Could you repeat every line below exactly, skipping the images?

Free-text object descriptions>
§ §
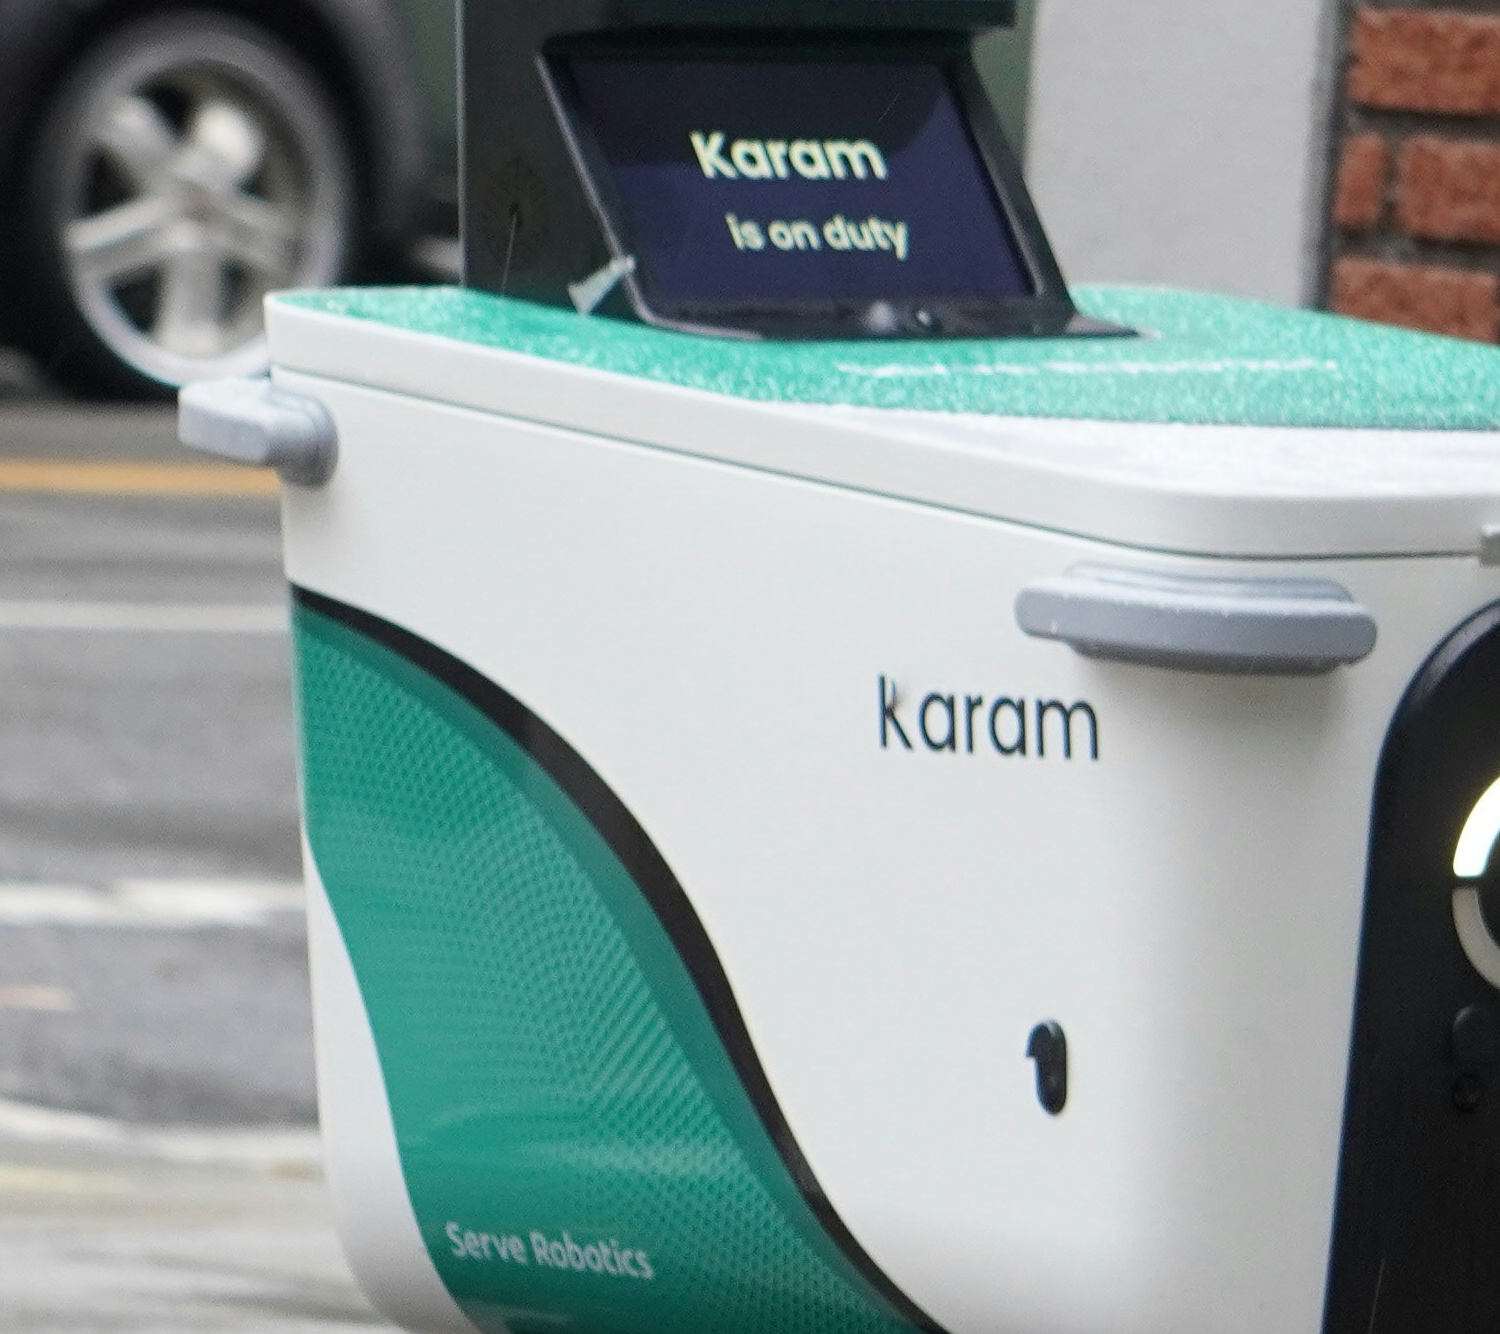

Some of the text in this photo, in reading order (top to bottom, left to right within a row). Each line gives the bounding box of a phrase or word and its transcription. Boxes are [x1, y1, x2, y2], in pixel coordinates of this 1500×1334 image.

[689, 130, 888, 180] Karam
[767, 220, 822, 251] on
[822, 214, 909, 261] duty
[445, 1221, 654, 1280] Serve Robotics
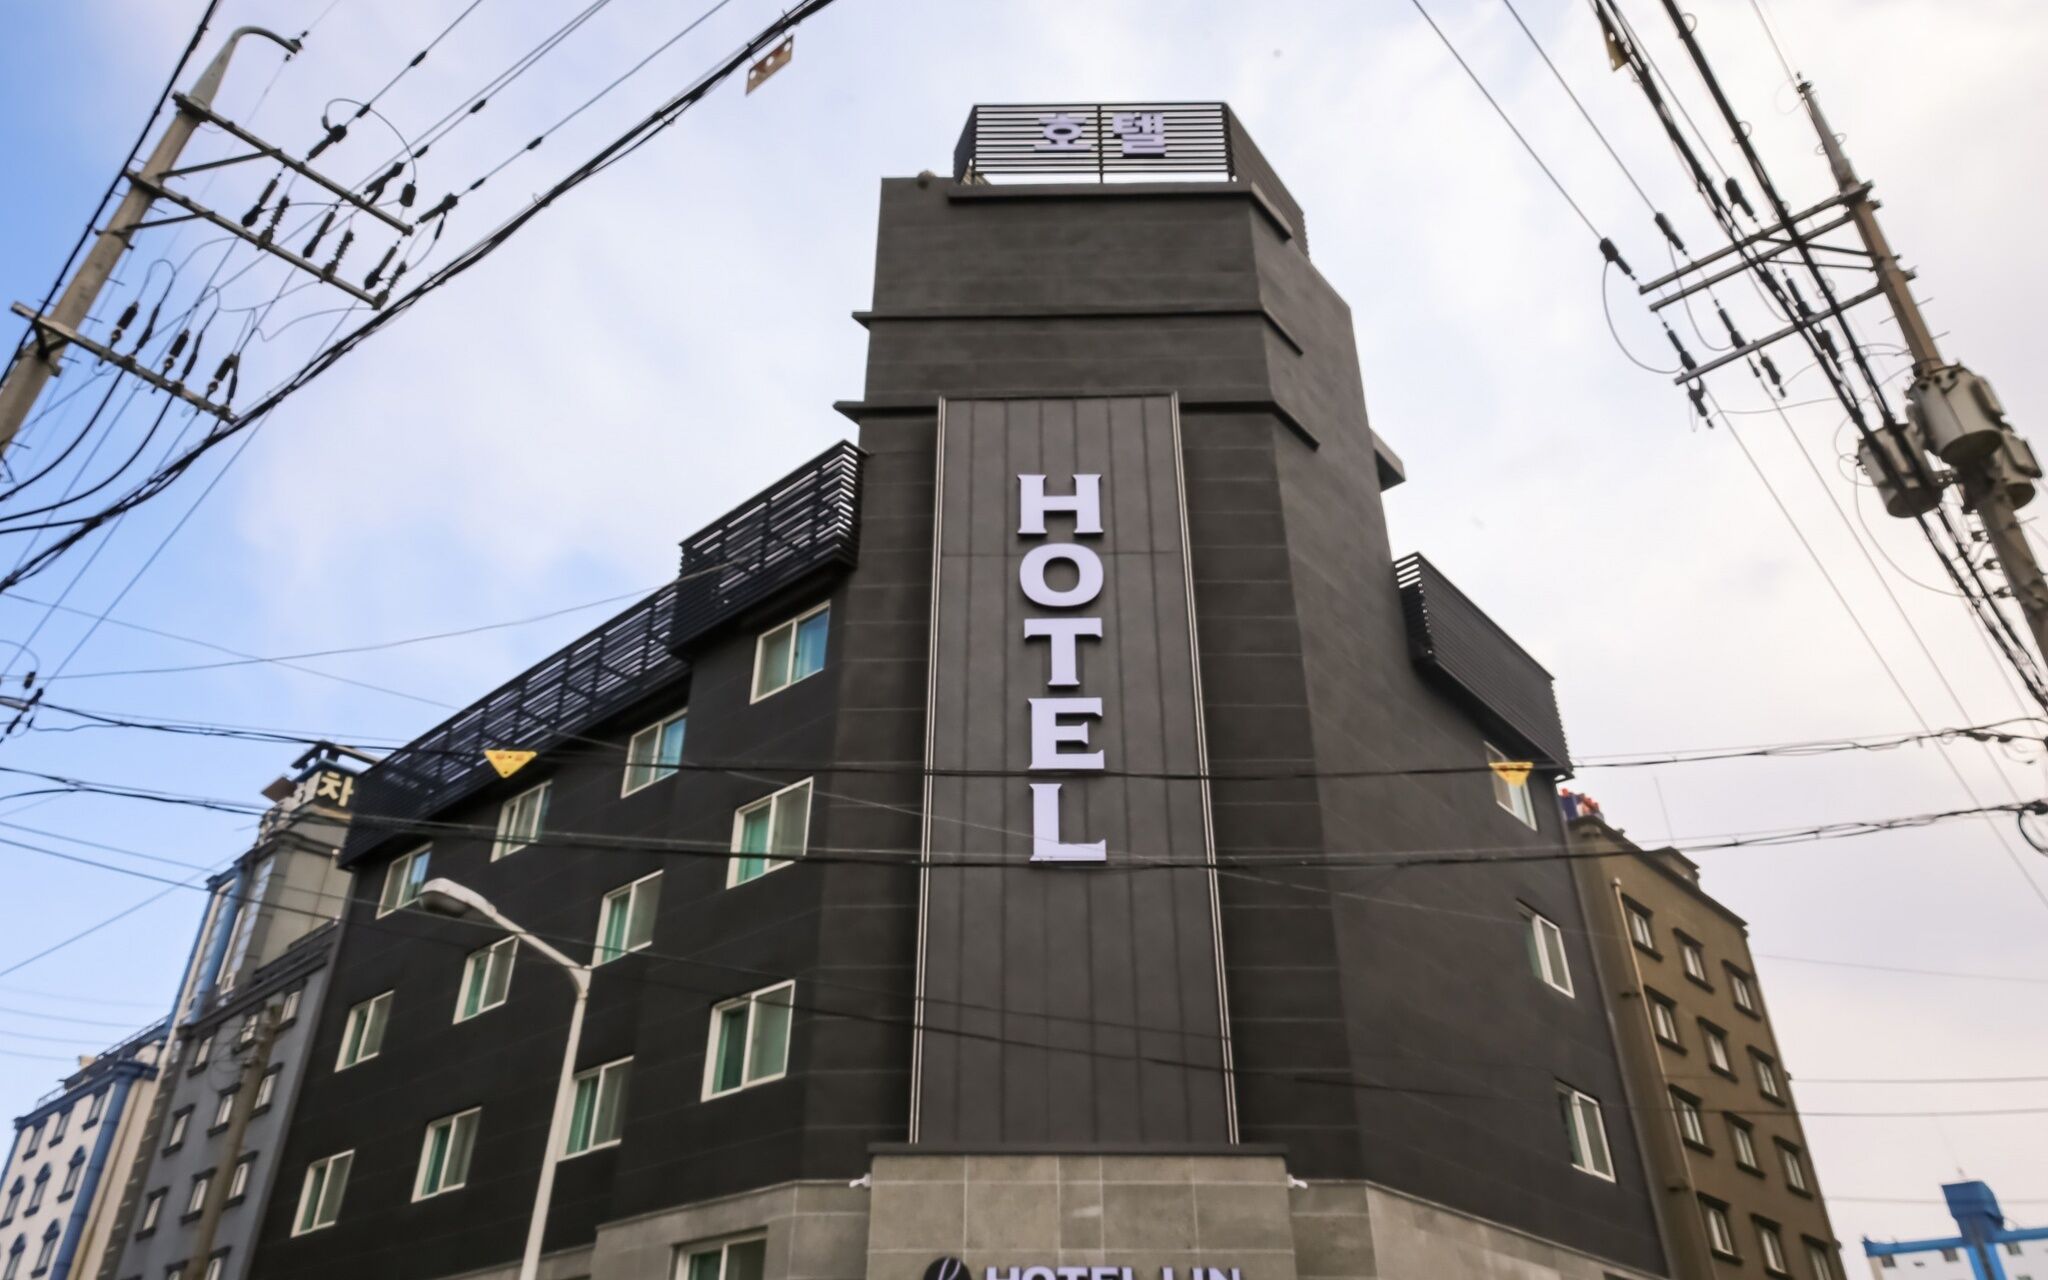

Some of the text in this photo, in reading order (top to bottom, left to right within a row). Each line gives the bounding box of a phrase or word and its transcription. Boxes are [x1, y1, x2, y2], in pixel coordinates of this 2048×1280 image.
§ §
SOLUTION>
Some of the text in this photo, in reading order (top to bottom, left to right within a row). Each line gives the bounding box of a phrase or word and its transcription. Boxes are [x1, y1, x2, y2], in pixel coordinates of this 1500×1334 image.

[689, 130, 888, 180] Karam
[767, 220, 822, 251] on
[822, 214, 909, 261] duty
[445, 1221, 654, 1280] Serve Robotics

Some of the text in this photo, in reading order (top to bottom, left to right within a row). Each line gives the bounding box of a phrase or word and its transcription. Boxes are [x1, y1, x2, y2], in pixel coordinates of this 2048×1280 image.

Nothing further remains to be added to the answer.